I suppose I have come to expect that, now having had two incredibly healthy pregnancies. I am overwhelmingly grateful for that blessing, and don't want to take it for granted as a given. It is not.
There are certainly things to note about this pregnancy, however...things that set it apart and things I want to remember.
- I definitely felt sick in the early months...but, not as sick as my first pregnancy. There was plenty of daily nausea, but far less actual vomiting. No complaints here.
- I had a notable sweet tooth this time around. Whereas I remember craving (and I do use that term loosely) saltier food (pickles for days....) with Emerson, I have definitely preferred and enjoyed sugar during this pregnancy. Yes, I recognize the irony in my having to take a glucose tolerance test this time.

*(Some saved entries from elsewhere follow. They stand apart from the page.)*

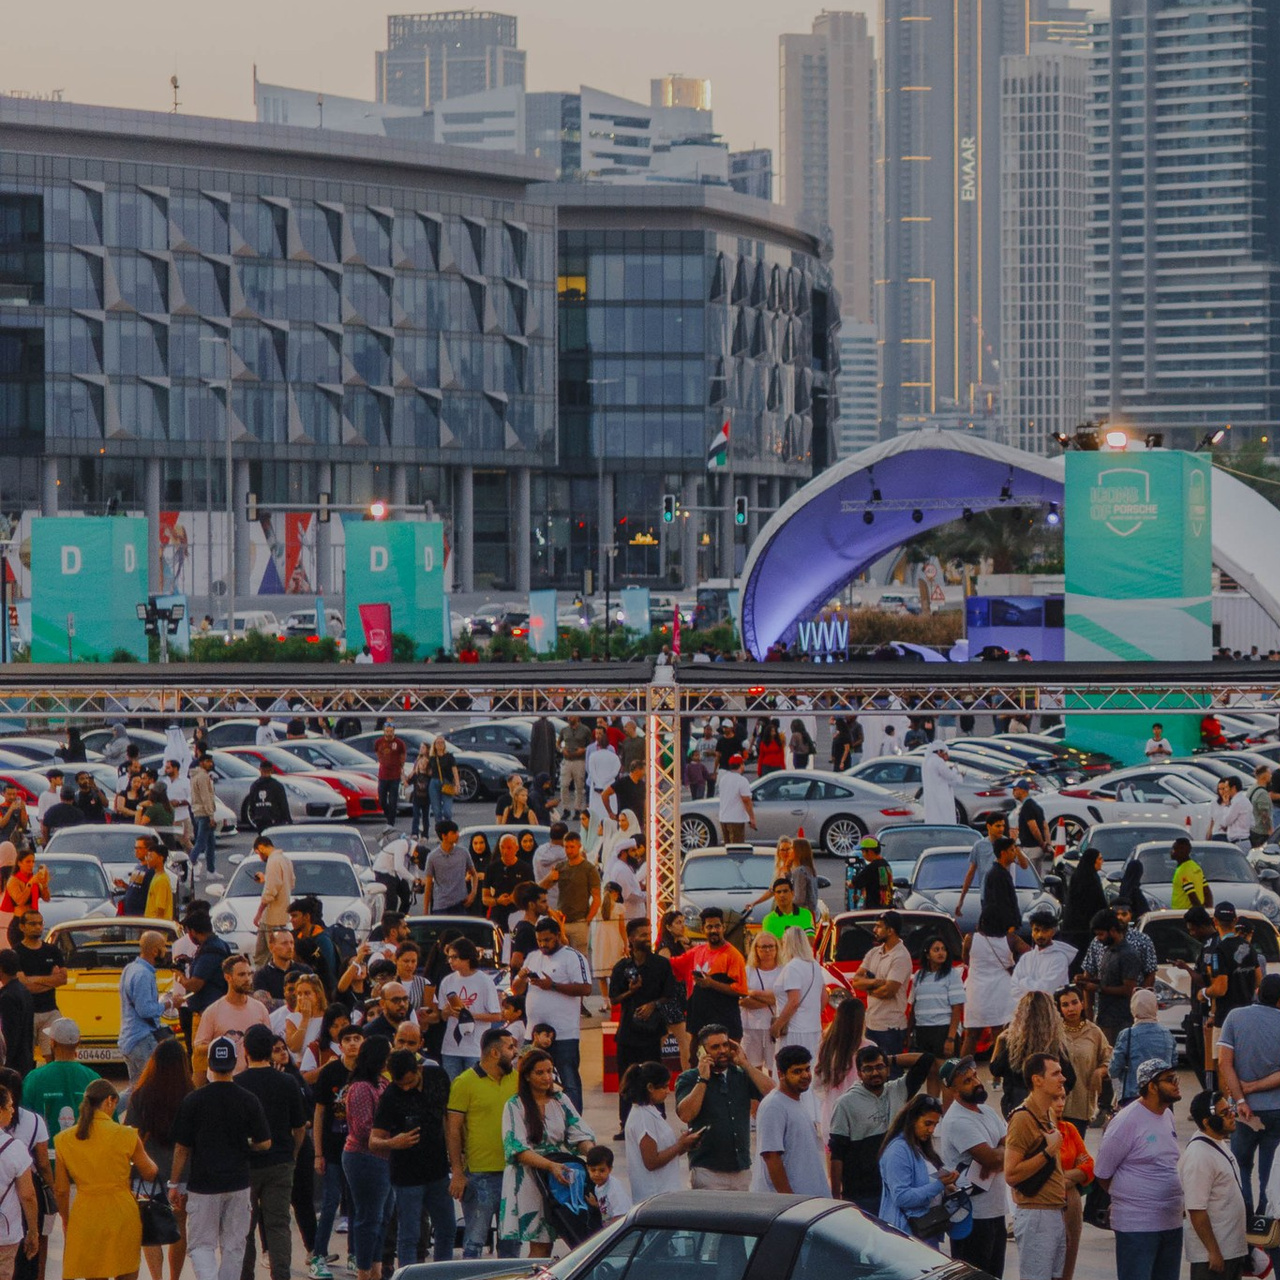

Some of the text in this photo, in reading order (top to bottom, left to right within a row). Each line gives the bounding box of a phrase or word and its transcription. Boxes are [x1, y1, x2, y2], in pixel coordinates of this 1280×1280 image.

[960, 135, 976, 201] EMAAR
[1113, 503, 1159, 515] PORSCHE
[60, 545, 82, 575] D
[123, 543, 136, 573] D
[369, 546, 389, 572] D
[424, 546, 434, 572] D
[77, 1049, 111, 1059] 604460

- The changes in my body happened far more quickly this time around, specifically in that my belly grew and I "showed" much earlier in the pregnancy. I enjoyed that, really.
- I've definitely had low energy, and frankly, less patience with that side effect than last time. It's been discouraging to force myself to slow down when I want to be playing and keeping up with Emerson.

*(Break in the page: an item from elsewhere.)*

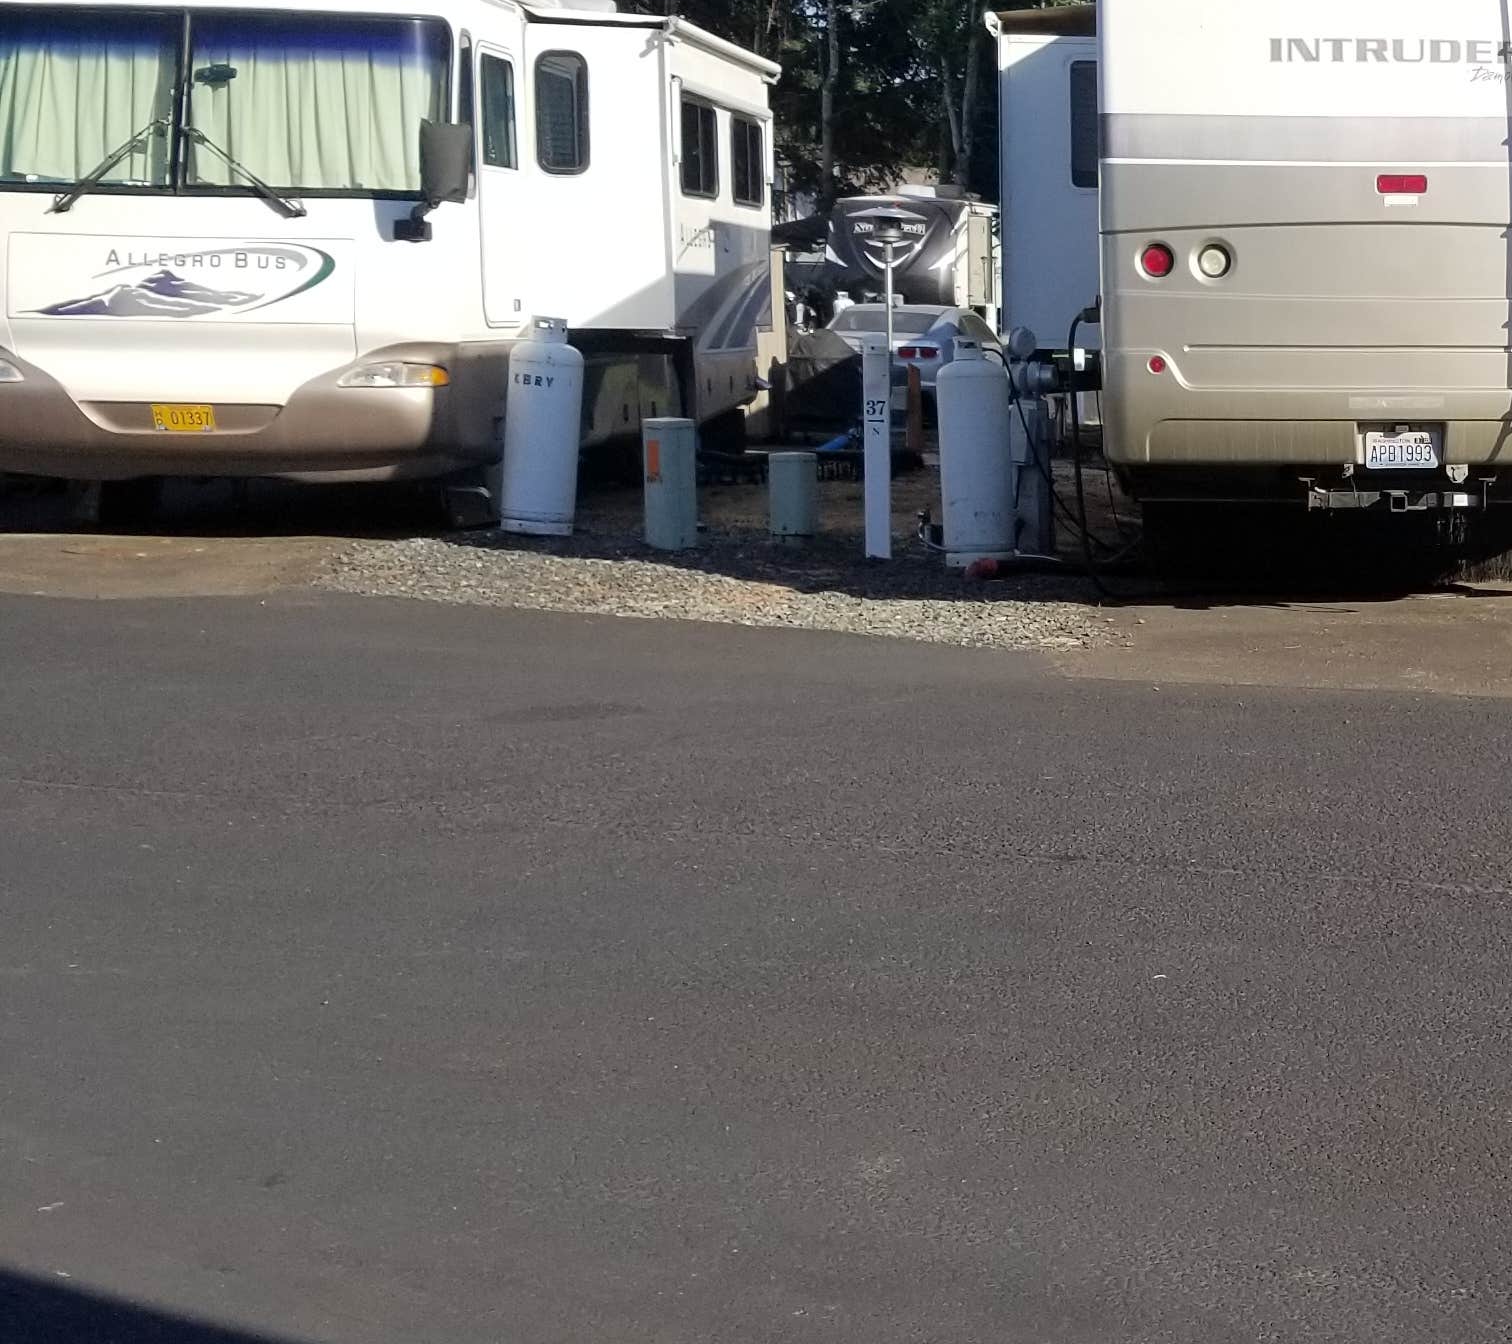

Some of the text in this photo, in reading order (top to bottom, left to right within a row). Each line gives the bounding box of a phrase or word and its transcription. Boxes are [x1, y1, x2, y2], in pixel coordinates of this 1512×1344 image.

[105, 248, 287, 269] ALLEGRO BUS
[866, 400, 886, 416] 37
[170, 410, 209, 425] 01337
[1370, 445, 1432, 462] APB1993

- Feeling this baby move is incredible. I looked forward to that milestone, and it has not disappointed as being my favorite part of pregnancy. This little girl is quite active, and I can't recall Emerson's movements well-enough to know how they compare, except that Bobby and I neither one remember the movements being quite so forceful or as lengthy. When this little lady gets going, she really moves and grooves for a long time. I am very able to identify body parts this time around (or, at least I think I am) and can almost always find what is surely a fist or a foot directly underneath my belly button.

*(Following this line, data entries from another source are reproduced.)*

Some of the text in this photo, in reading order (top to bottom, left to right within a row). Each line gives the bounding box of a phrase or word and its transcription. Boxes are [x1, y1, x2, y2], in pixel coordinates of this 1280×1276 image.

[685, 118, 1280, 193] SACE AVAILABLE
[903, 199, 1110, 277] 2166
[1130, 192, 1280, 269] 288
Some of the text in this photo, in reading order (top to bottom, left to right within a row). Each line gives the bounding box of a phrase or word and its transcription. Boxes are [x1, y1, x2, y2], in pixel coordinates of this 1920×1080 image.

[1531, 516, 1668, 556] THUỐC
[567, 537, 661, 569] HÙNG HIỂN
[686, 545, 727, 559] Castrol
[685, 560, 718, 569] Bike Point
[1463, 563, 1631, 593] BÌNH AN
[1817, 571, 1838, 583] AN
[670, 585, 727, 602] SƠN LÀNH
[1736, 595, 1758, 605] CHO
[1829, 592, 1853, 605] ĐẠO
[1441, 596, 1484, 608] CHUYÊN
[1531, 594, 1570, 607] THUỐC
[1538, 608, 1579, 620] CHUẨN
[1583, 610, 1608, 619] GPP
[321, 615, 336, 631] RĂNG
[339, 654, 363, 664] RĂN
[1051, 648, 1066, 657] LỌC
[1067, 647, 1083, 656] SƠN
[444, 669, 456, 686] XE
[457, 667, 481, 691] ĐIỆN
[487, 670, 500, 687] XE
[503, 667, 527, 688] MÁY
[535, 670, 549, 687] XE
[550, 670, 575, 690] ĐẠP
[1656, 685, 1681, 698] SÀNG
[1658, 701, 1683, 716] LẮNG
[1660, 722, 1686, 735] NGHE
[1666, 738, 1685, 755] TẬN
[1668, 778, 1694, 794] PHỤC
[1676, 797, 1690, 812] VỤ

- My nerves related to labor and delivery this time aren't so much related to the uncertainty of the experience; I largely know to expect as far as that goes having done it once before. (Not pleasant to look forward to, except for knowing the joy that comes as a fruit of my labor!) This time, though, I'm fearful (and largely irrationally so) for the remote possibility that something goes wrong, and scared for Emerson and what that would mean for her. Like I said...irrational...unlikely...but the lingering fear is present. And, I know that that fearfulness isn't from the Lord, so I'm leaning on the spirit of power and courage that He has given.
- Without question, the discussion and growth and demonstrations of love on Emerson's part as she increasingly understands what's happening has been the most memorable part of this experience. She understands more now than she did 6 months ago about what having a baby join our family means, and the moments that she rubs my tummy and talks about her baby sister are so very precious. She carries around her bear or her doll, rocking and cuddling them and giving them "milk". All practice.... She knows that there is "a baby in Mommy's tummy", that "she's not ready yet, she's still growing"...and, that "she'll come out your bum". She is ready to be a big sister, and if the affection she shows to this little one now is any indication of what is to come after she is born, then I should just prepare for my heart to burst.
- It is becoming increasingly apparent that someone is missing in our family. Whereas it was once difficult to imagine another member joining the three of us, now we are more than ready for her to be here. She is, in so many ways, with us already...a part of so many thoughts and conversations and preparations. It's time for the fourth Phillips to join the family, and we are so anxious to finally meet her.